Perlin Noise - Principles and Implementation
“There is no true randomness in nature, only patterns we haven’t understood yet.” — Philosophy of Perlin Noise
Table of Contents
- What is Perlin Noise?
- Why Do We Need Perlin Noise?
- Core Principles
- 1D Perlin Noise Explained
- 2D Perlin Noise Explained
- Fractal Noise (Fractal Noise / fBm)
- Simplex Noise
- Code Implementation
- Common Applications
- Parameter Tuning Tips
- Common Misconceptions
- References
1. What is Perlin Noise?
Perlin Noise is a gradient noise algorithm developed by Ken Perlin in 1983 for the film Tron, and formally published in 1985 in the SIGGRAPH paper An Image Synthesizer. Perlin received an Academy Award for this contribution.
It is a type of coherent noise with these characteristics:
- Smooth transitions between neighboring sample points (no sudden jumps)

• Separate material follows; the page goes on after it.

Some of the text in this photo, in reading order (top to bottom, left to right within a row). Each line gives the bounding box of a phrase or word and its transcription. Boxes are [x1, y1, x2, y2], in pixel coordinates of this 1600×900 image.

- Statistically isotropic (no preferred direction)
- Output values in a defined range (typically
-1to1, or normalized to0to1) - Deterministic: same input always produces same output
2. Why Do We Need Perlin Noise?
The Problem with Pure Randomness
Pure Random (White Noise): 9 4 1 7 3 8 2 5 6 ...
Perlin Noise: 3 4 5 6 5 4 3 2 3 ...
Pure random noise (white noise) treats each pixel independently, creating a “TV static” effect that almost never appears in nature.

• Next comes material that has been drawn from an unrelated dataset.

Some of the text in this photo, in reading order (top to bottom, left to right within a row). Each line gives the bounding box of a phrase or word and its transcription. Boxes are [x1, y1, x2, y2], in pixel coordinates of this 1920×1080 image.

Real natural phenomena (mountains, clouds, flames, water surfaces) exhibit local coherence: nearby locations have similar values, but with overall macroscopic variation. Perlin Noise mimics exactly this property.
Comparison
| Property | White Noise | Perlin Noise |
|---|---|---|
| Smooth neighbors | ❌ | ✅ |
| Natural looking | ❌ | ✅ |
| Controllability | Low | High |
| Computational complexity | O(1) | O(2ⁿ), n = dimensions |
3. Core Principles
Perlin Noise follows three core steps:
① Create grid, assign random gradient vectors to each grid point
↓
② Compute distance vectors from sample point to surrounding points
Dot product with gradient vectors
↓
③ Use smooth interpolation to blend contributions from surrounding points
Key Concept: Gradient Vectors
At each integer coordinate (grid point), pre-assign a random unit direction vector—this is the “gradient.”
Unlike Value Noise (storing random values at points), Perlin Noise stores directions, not values. This produces smoother, more natural output.

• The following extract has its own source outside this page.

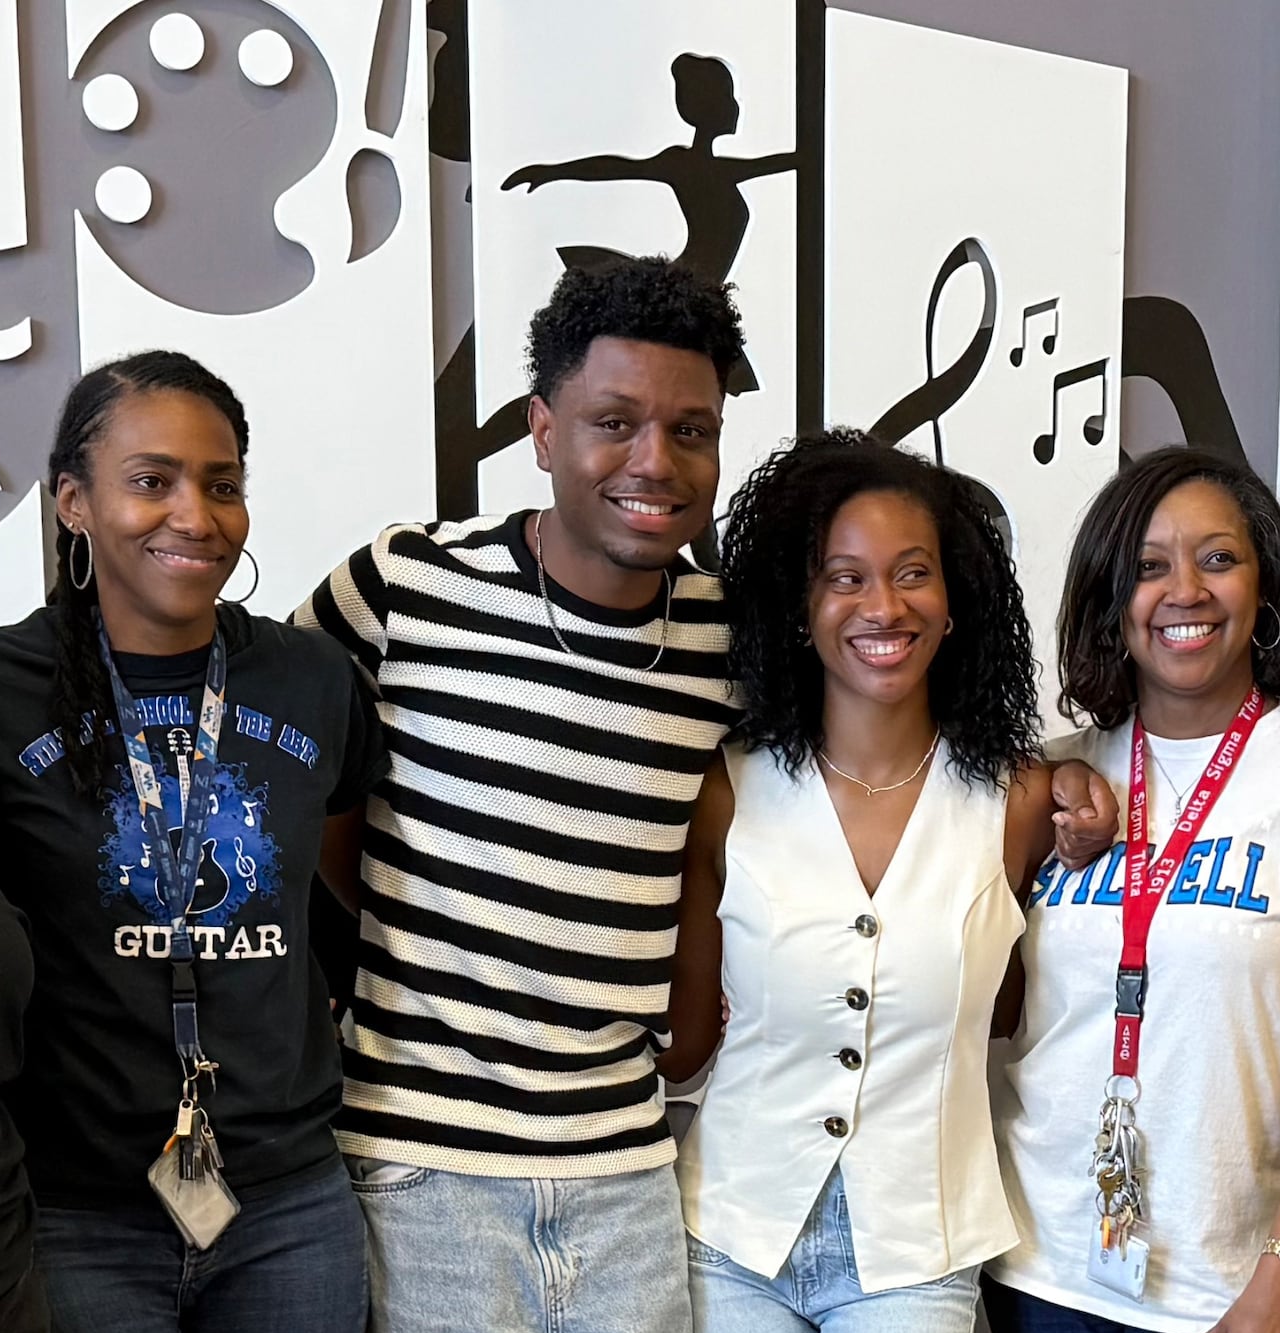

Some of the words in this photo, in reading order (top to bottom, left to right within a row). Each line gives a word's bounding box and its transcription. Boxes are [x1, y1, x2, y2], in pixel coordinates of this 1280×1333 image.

Key Concept: Smooth Interpolation Curve
Simple linear interpolation (lerp) produces linear artifacts. Perlin uses a quintic smoothing curve:
Properties:
- $f(0) = 0$, $f(1) = 1$
- $f’(0) = 0$, $f’(1) = 0$ (zero derivatives at endpoints for smooth joining)
- $f’‘(0) = 0$, $f’‘(1) = 0$ (zero second derivatives for extra smoothness)
Early versions used cubic curve $3t^2 - 2t^3$ (Smoothstep); improved versions use quintic (Smootherstep).
4. 1D Perlin Noise Explained
For a 1D sample point $x = 2.3$:
Step 1: Find the Grid Cell
Left point: x0 = floor(2.3) = 2
Right point: x1 = x0 + 1 = 3
Local coordinate: t = 2.3 - 2 = 0.3
Step 2: Get Gradients at Endpoints
In 1D, gradients are just two directions: +1 or -1, determined via permutation table:
grad(2) = +1
grad(3) = -1
Step 3: Calculate Dot Products
Distance vector × gradient vector (multiplication in 1D):
Left contribution: dot(grad(x0), x - x0) = (+1) × (2.3 - 2) = +0.3
Right contribution: dot(grad(x1), x - x1) = (-1) × (2.3 - 3) = +0.7
Step 4: Smooth Interpolation
u = fade(t) = fade(0.3) ≈ 0.163 (quintic curve)
result = lerp(u, 0.3, 0.7) = 0.3 + 0.163 × (0.7 - 0.3) ≈ 0.365
5. 2D Perlin Noise Explained
In 2D, sample point $(x, y)$ is surrounded by four grid points:
(x0,y1) -------- (x1,y1)
| . |
| (x,y) |
| |
(x0,y0) -------- (x1,y0)
Gradient Vectors (2D)
2D gradients typically chosen from 4 (or 8) vectors:
(1,0), (-1,0), (0,1), (0,-1)
(1,1), (-1,1), (1,-1), (-1,-1) ← normalized version
Computation Flow
① Calculate distance vectors from sample to 4 corners
② Dot each with corner gradient → 4 values
③ Interpolate along x using fade(tx), then along y with fade(ty)
# Pseudocode
a = dot(grad(x0, y0), dx, dy )
b = dot(grad(x1, y0), dx-1, dy )
c = dot(grad(x0, y1), dx, dy-1)
d = dot(grad(x1, y1), dx-1, dy-1)
u = fade(dx)
v = fade(dy)
ab = lerp(u, a, b)
cd = lerp(u, c, d)
result = lerp(v, ab, cd)
6. Fractal Noise (Fractal Noise / fBm)
Single-layer Perlin Noise produces overly “smooth and monotonous” terrain lacking detail. Natural landscapes (mountains, clouds) are multi-scale layered phenomena.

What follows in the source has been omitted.